Moore admitted that Mother had paid child support and that Mother had attended visits with K.G. from February to September 2009. However, in September 2009, Mother attended only one of three possible visits. Mother did not attend any visits in October or November 2009, and Moore was unable to reestablish contact with Mother until December 2009. Mother had visits with K.G. on December 28, 2009, and January 28, 2010, but after January 28, 2010, Mother did not attend any visits with K.G.[9]
Moore testified that there had been a period of time when Mother had kept in regular contact with her but then Mother started going months between phone contacts with her.[10] Moore testified that Mother’s phone numbers were “typically disconnected”[11] and that when she went to Mother’s last known address in October 2009, she was informed that Mother no longer resided there. Mother told Moore, when Moore asked her where she had been living over the last few months, that she had been “drifting from friends and family members” and that she “drifts from place to place.” Moore said that the last time she saw Mother was at the January 28, 2010 visit with K.G.
Moore testified that after the 2008 trial, she asked Mother to complete additional services, including parenting classes, anger management classes, individual counseling, and a drug assessment. She said that she did this as part of CPS’s obligation to attempt to reunify the family and so that Mother could show the trial court that she had mitigated the circumstances that led to K.G.’s removal.
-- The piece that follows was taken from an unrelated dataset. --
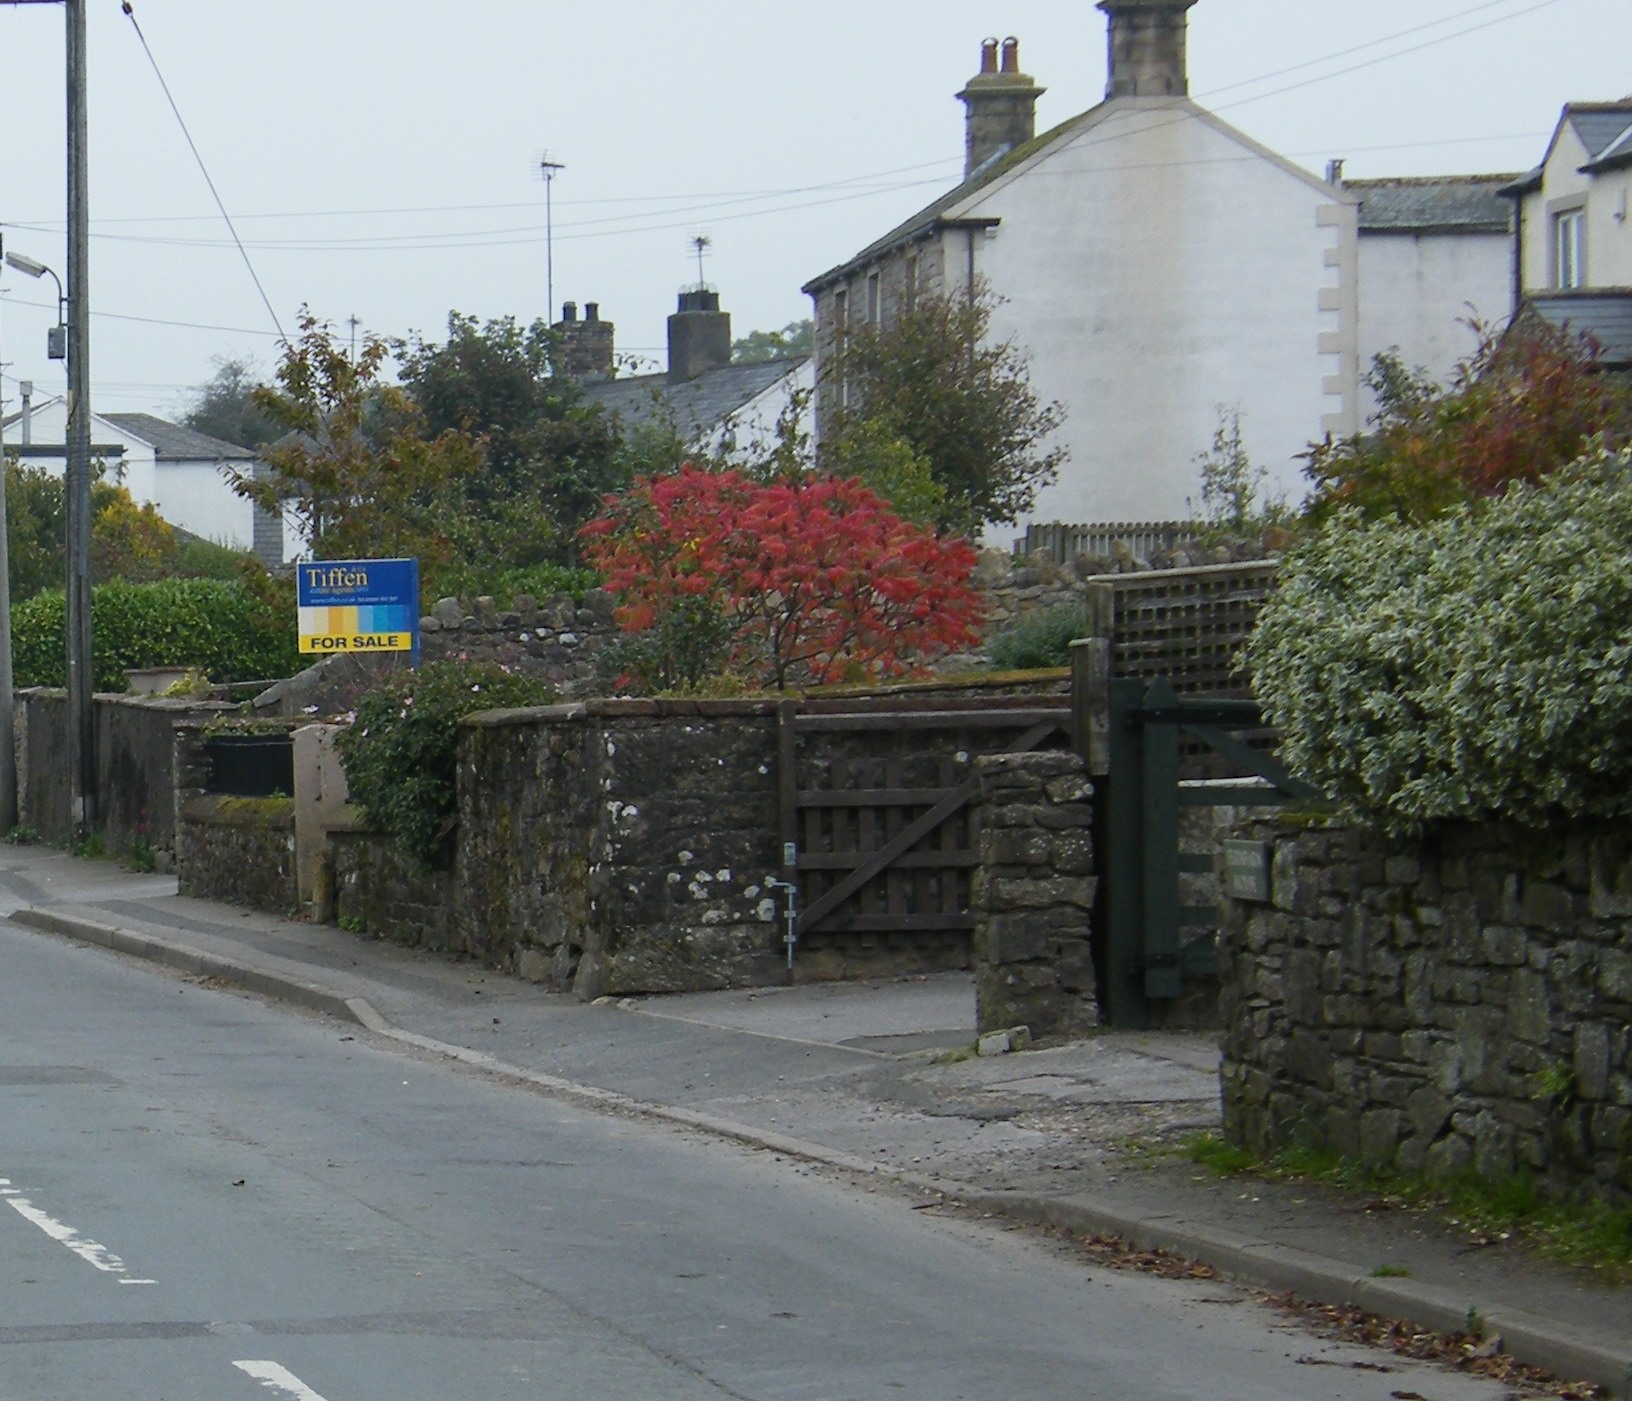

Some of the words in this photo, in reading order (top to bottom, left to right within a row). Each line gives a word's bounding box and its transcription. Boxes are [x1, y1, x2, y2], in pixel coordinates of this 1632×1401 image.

[306, 567, 368, 587] Tiffen
[311, 637, 347, 649] FOR
[353, 636, 399, 648] SALE
Mother completed the parenting classes but complied with only two of fourteen CPS-requested drug tests, even though Moore told Mother that failure to take a drug test would result in a presumption that the test would have been positive.
Moore testified that she sent a letter to Mother on April 28, 2009, outlining additional recommended services, and on May 14, 2009, Mother acknowledged to Moore that she received the letter. Moore admitted during cross-examination that nothing in her letter to Mother about the additional services stated that failure to perform them would have an impact on whether K.G. was returned to her. She also acknowledged that Mother was not under a court order to take the other drug tests Moore requested and that Mother had done a drug assessment in 2008. Moore admitted that CPS never made a finding of physical abuse of K.G. by Mother and that CPS removed K.G. from Mother based on the risk of neglect.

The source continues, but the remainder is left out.